BHFtools: Software for detecting histocompatibility genes

Description

This package includes Perl scripts and Java executables (with source code) to facilitate the identification of major and/or minor histocompatibility genes in organisms that undergo a "natural transplantation reaction," whereby members of the same species either fuse or reject. These tools were used to identify BHF, the Botryllus Histocompatibility Factor (Voskoboynik and Newman et al., 2013), and are configured to score candidate fusibility genes based on the rule that two B. schlosseri colonies will fuse if they share at least 1 allele of the allorecognition gene and will reject otherwise. For methodological details, see the paper.

Input

1. A SAM file for each colony containing paired-end RNA-Seq reads mapped to individual genes.

2. A list of SNPs identified in each colony (e.g., called using VarScan 2). (Format) (Example)

3. A matrix specifying known fusion/rejection relationships between colonies (or individuals). (Example)

Note: all RNA-Seq reads from the paper are available via the NCBI Short Read Archive (download).

Pipeline

BHFtools will perform the following operations:

1. Phase RNA-Seq reads into haplotypes.

2. Refine inferred haplotypes based on known fusion/rejection relationships.

3. Determine the best mismatch threshold between alleles in order to stratify colonies by known fusion/rejection outcomes.

The resulting classification error is used to rank each gene to prioritize candidate histocompatibility factors.

Download

Click here. No installation needed. Simply unzip contents (executables and source code) into the same directory.

Requirements

• Perl 5, with the following dependencies: Inline::Java, Proc::Fork, Text::NSP::Measures::2D::Fisher::twotailed

• SAMtools

• 64 bit Java 1.7+

• Unix operating system (tested on Mac OS X)

• >40 GB of RAM and >20 logical CPU cores (recommended, but not strictly required)

Package

*Tool*	*Description*
RunBHFtools.pl	A script to run the entire pipeline.
VarPhaseMultiFork.pl	Wrapper to iterate through SAM files and perform haplotyping in a parallelized fashion.
HapPred.jar	Algorithm for Haplotype Prediction.
PhaseDist.jar	Algorithm to Phase discontinuous haplotypes based on mismatch Distances between colonies with known histocompatibility outcomes.
FusRejClassifier.jar	Optimize stratification of colony pairs for each gene and derive classification error.
FusionRejection.txt	Known fusion/rejection relationships in a symmetrical matrix format (1=fuse; 2=reject; 0=unknown; sample names should be labeled in first row and column). (Example)
Java source code	All relevant source code.

Usage

Run entire pipeline:

>perl RunBHFtools.pl [input directory] [output directory] [optional: 1 (protein), 0 (DNA/RNA)]

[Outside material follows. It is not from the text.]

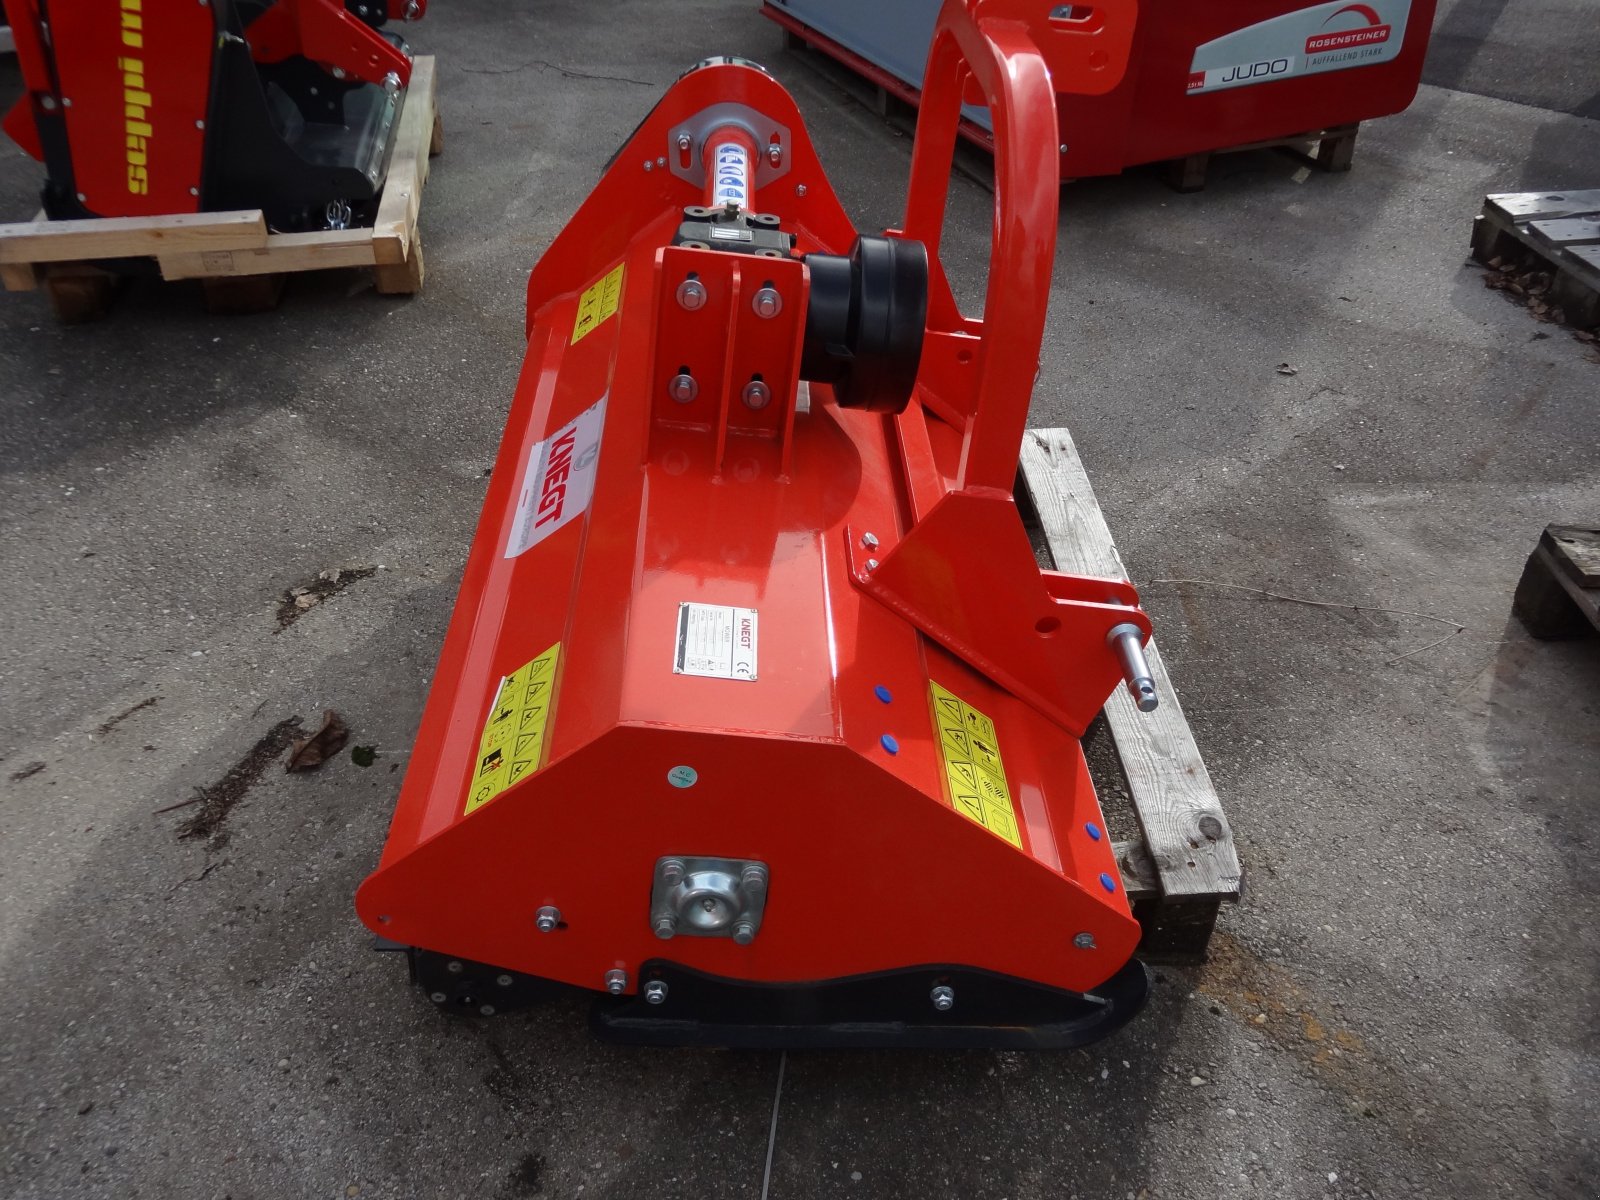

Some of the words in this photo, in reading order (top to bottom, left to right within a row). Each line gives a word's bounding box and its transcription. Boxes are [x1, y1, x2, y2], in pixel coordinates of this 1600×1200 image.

Input directory must contain:

(1) SNP files (output of VarScan 2 with pileup2snp setting), each named "samplename.varscan"

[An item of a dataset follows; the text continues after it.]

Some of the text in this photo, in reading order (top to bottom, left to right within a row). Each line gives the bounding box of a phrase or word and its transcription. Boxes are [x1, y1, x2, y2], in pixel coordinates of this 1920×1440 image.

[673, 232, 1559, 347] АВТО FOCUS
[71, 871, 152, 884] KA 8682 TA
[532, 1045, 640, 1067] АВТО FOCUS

(2) Mapped reads with same sample names as SNP files (e.g., "samplename.sam")

(3) Fusion/rejection outcome matrix, "FusionRejection.txt" (*use same sample names in matrix as above).

Output:

• classifier.out (for details of format, see FusRejClassifier.jar output below)

Tool:

VarPhaseMultiFork.pl

Usage:

>perl VarPhaseMultiFork.pl [SNP file directory] [SAM file directory] [optional: 1 (protein), 0 (DNA/RNA)]

Input:

(1) Directory of SNP files (output of VarScan 2 with pileup2snp setting), each named "samplename.varscan"

(2) Directory of mapped reads with same sample names as SNP files (e.g., "samplename.sam")

Output:

(1) For each input sample: "samplename.phased.txt"

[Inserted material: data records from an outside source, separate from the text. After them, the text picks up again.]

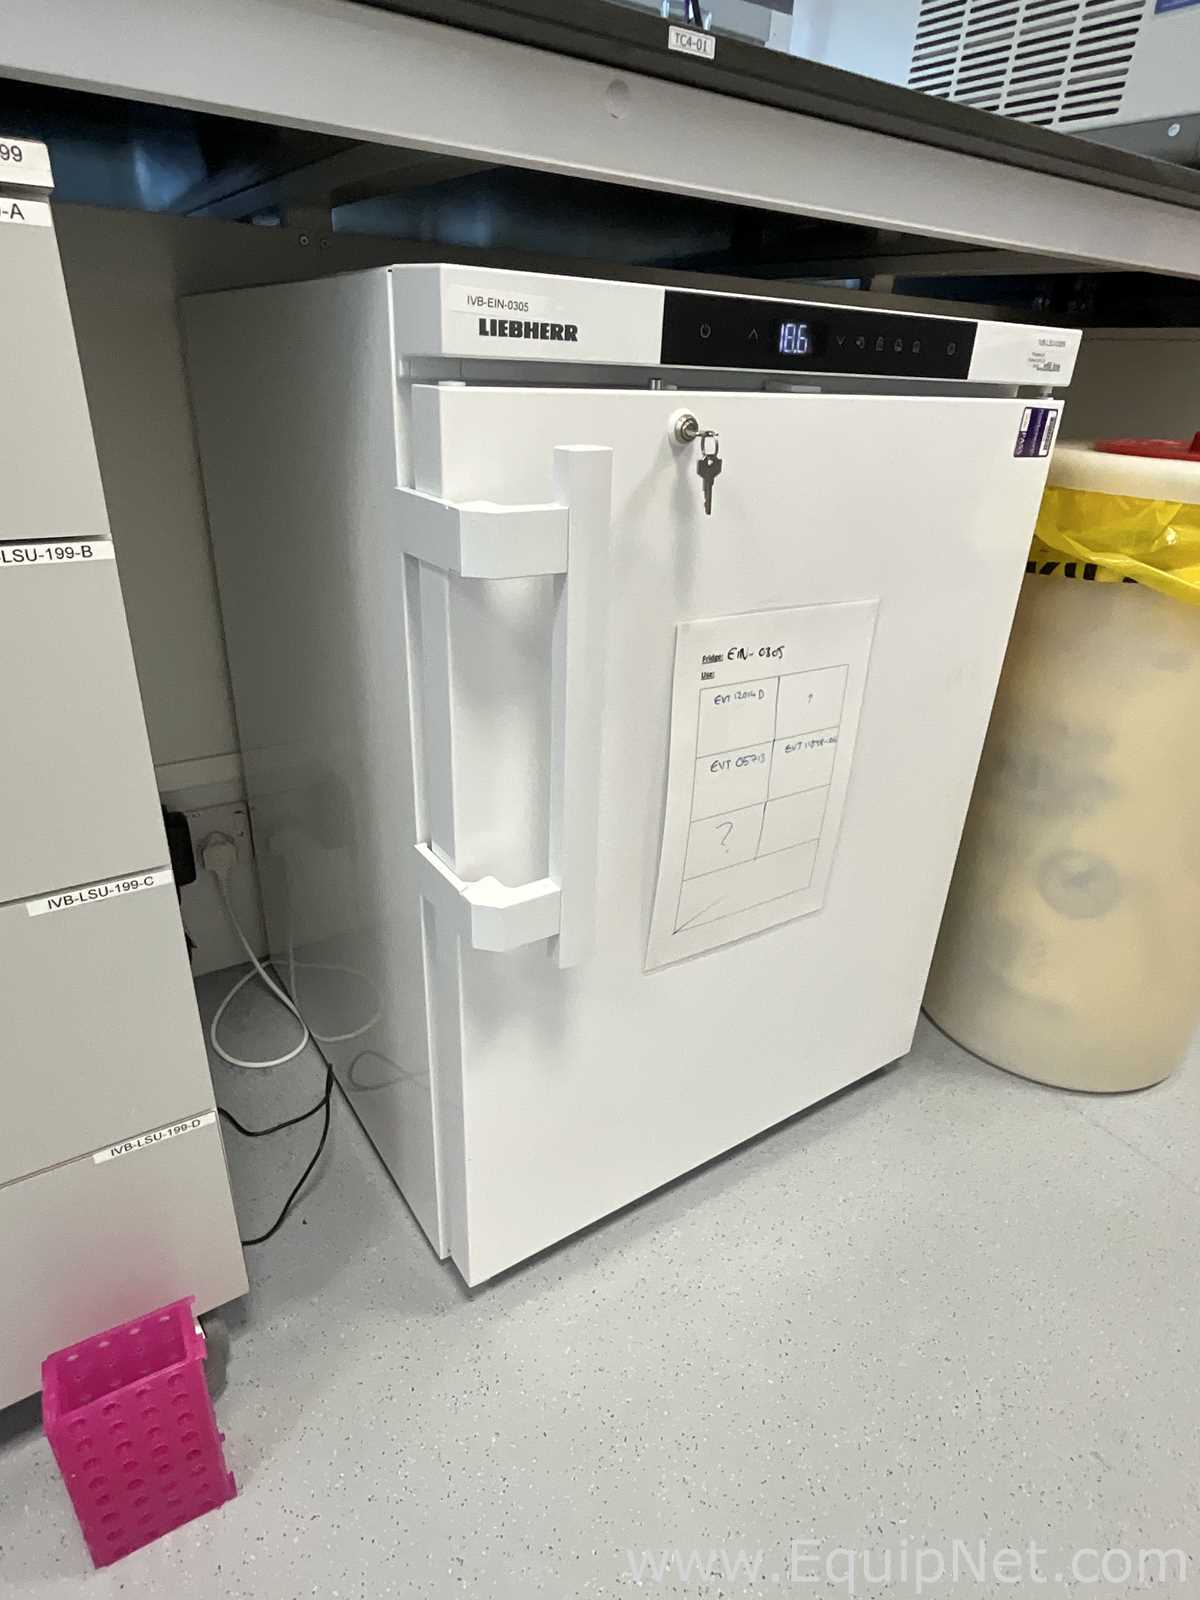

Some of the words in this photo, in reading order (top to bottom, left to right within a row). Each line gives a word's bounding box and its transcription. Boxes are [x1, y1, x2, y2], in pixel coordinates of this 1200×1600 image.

[674, 31, 708, 53] TC4-01
[466, 295, 530, 313] IVB-EIN-0305
[478, 317, 579, 342] LIEBHERR
[0, 544, 94, 564] LSU-199-B
[709, 759, 732, 774] EVT
[715, 821, 734, 854] ?
[47, 875, 155, 910] IVB-LSU-199-C
[110, 1118, 201, 1157] IVB-LSU-199-D

<column 1>  Library name (character string)
<column 2>  Haplotype class (integer >0); o.w. homozygous position (=-1)
<column 3>  Sequence coordinate in mRNA (integer)
<column 4>  Amino acid or nucleotide (character)

(2) All phasing results combined: "all_phased.txt"

Tool:

HapPred.jar

Usage:

>java -Xmx5g -Xms5g -jar HapPred.jar [input file] [optional: 1 (protein), 0 (DNA/RNA)]

Input:

<column 1>  Sequence coordinate in mRNA (integer)
<column 2>  Nucleotide base (amino acid also acceptable)
<column 3>  Read id (integer; each sequencing read must be uniquely identified)
<column 4>  Reference sequence identifier (character string)
<column 5>  SNP - IUPAC code (character)

Note: Use 1-based sequence indices for column 1 (i.e., sequence starts at 1, not zero), paired-end reads should be given the same id in column 3, and the '-' character should be used for homozygous positions in column 5

Output:

<column 1> Input file name (character string)

<column 2> Haplotype class (integer >0); o.w. homozygous position (=-1)

<column 3> Sequence coordinate in mRNA (integer)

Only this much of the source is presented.